My dining partner’s “Corn Shooter.” If butter is heaven, this thing is a cloud in a glass.

Ah dessert. Luce + Hawkins little, made-to-order donuts did not disappoint. In fact the rosemary ice cream that accompanied them was a revelation, the perfect end to the meal, not that I stopped there. I also ordered “Suzy Q’s Red Velvet Cake” with goat milk cream cheese. Hold on to your hats red velvet purists, this is better than the original. I swear. I am not a frosting person but I would lick this cake’s filling off of any surface. My dining partner had the melon and the coconut tapioca. When we asked Assistant Director Tom Conner about the prepartion of the melon he matter-of-factly told us that it was compressed in a vaccuum seal – as if everyone does that with melon. They should – it was delicious.

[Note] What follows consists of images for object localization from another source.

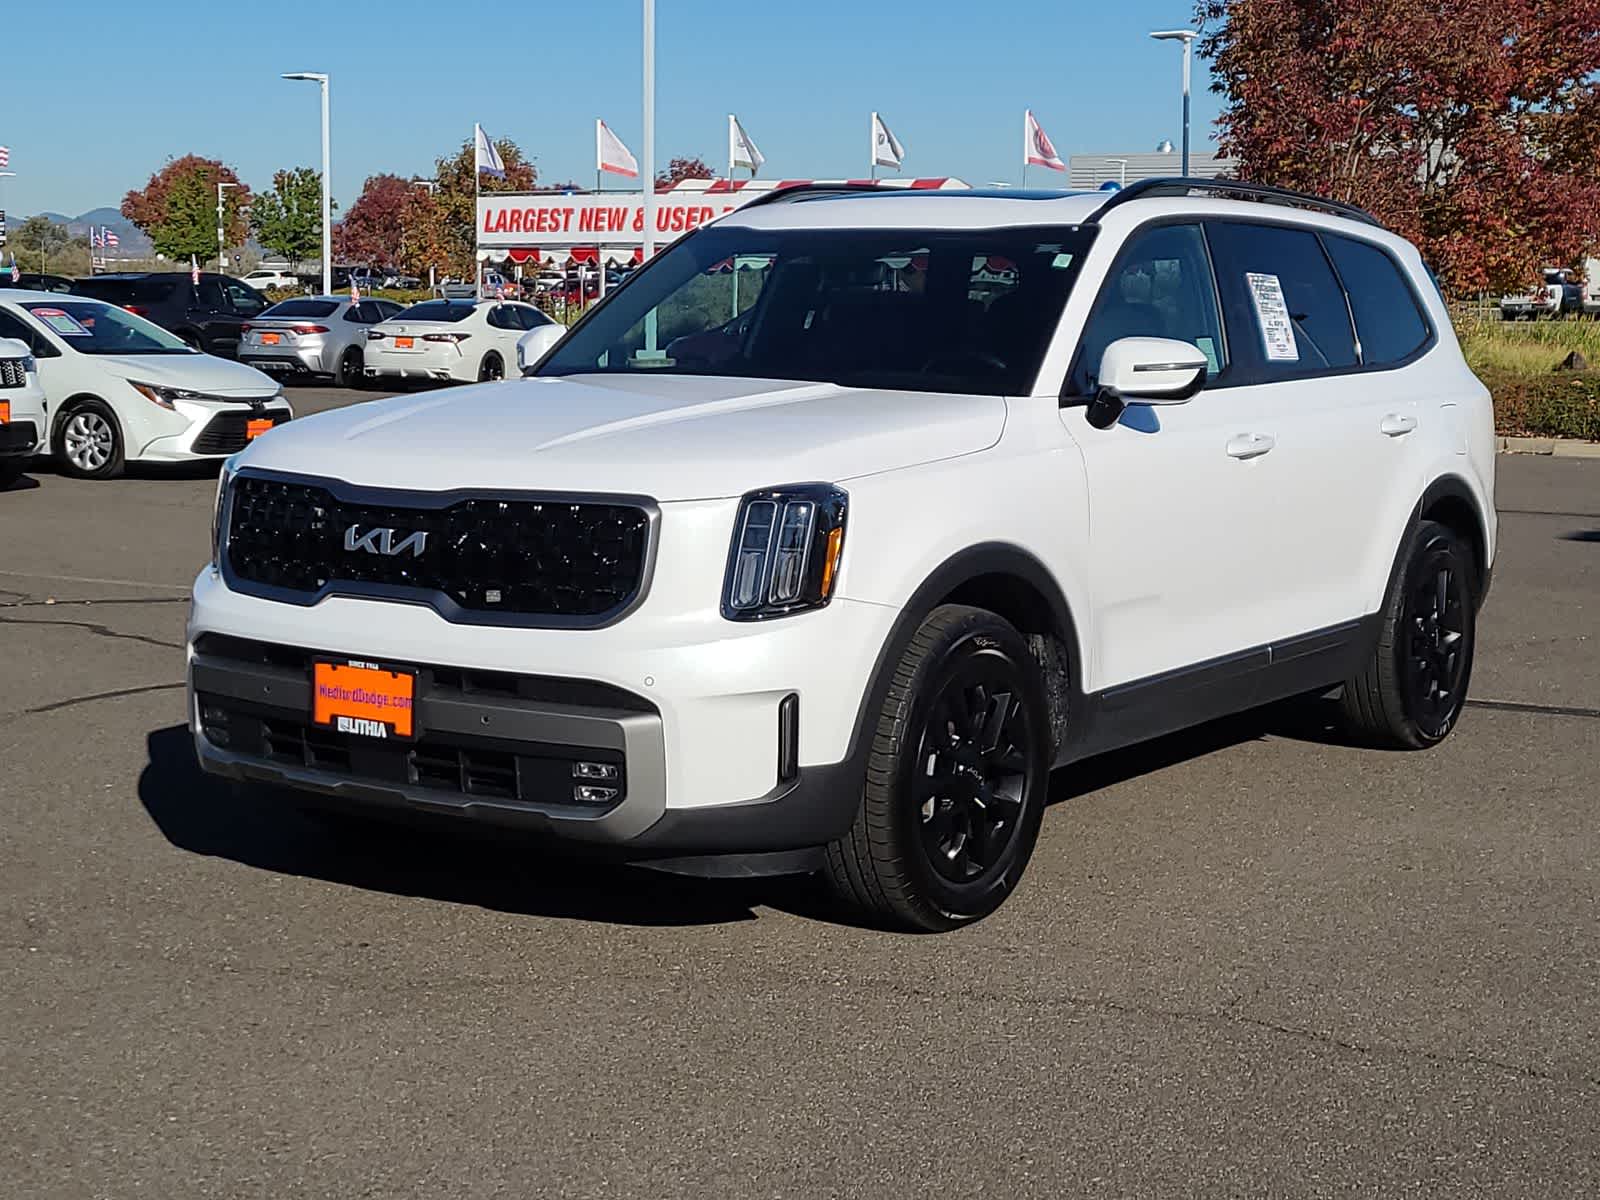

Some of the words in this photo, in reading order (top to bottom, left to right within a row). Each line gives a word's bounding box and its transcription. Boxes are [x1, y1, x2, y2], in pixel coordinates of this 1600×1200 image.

[484, 207, 574, 233] LARGEST
[579, 207, 628, 232] NEW
[632, 206, 645, 233] &
[655, 206, 715, 233] USED
[343, 523, 429, 558] KIA
[350, 718, 388, 739] LITHIA

Luce + Hawkins’ staff is highly professional but they are equally “over-the-top foodies,” in my opinion. To wit, their whole roasted chicken comes with a whole roasted butternut squash, their Sheperd’s Pie contains three different house beefs, their ribs are boneless. They quote Dorothy Parker in the wine list and hang local artist Max Moran’s glorious landscapes on the walls. Ah, perfection is a happy exhaustion for all involved.

Our server, Dina, was genuinely and infectuously enthusiastic about the menu. She knows the food well because the staff eats a family style dinner together before their shift begins. (I asked for a job application on the spot.)

I was pleasantly surprised to learn that a restaurant of this calibre is kid friendly. A father himself, Luce is happy to prepare burgers, pizza or buttered pasta as needed.

Luce + Hawkins at the Jedediah Hawkins Inn, 400 S. Jamespoert Ave., Jamesport is open year round, closed on Tue. and Wed. 631-722-2900, jedediahhawkinsinn.com.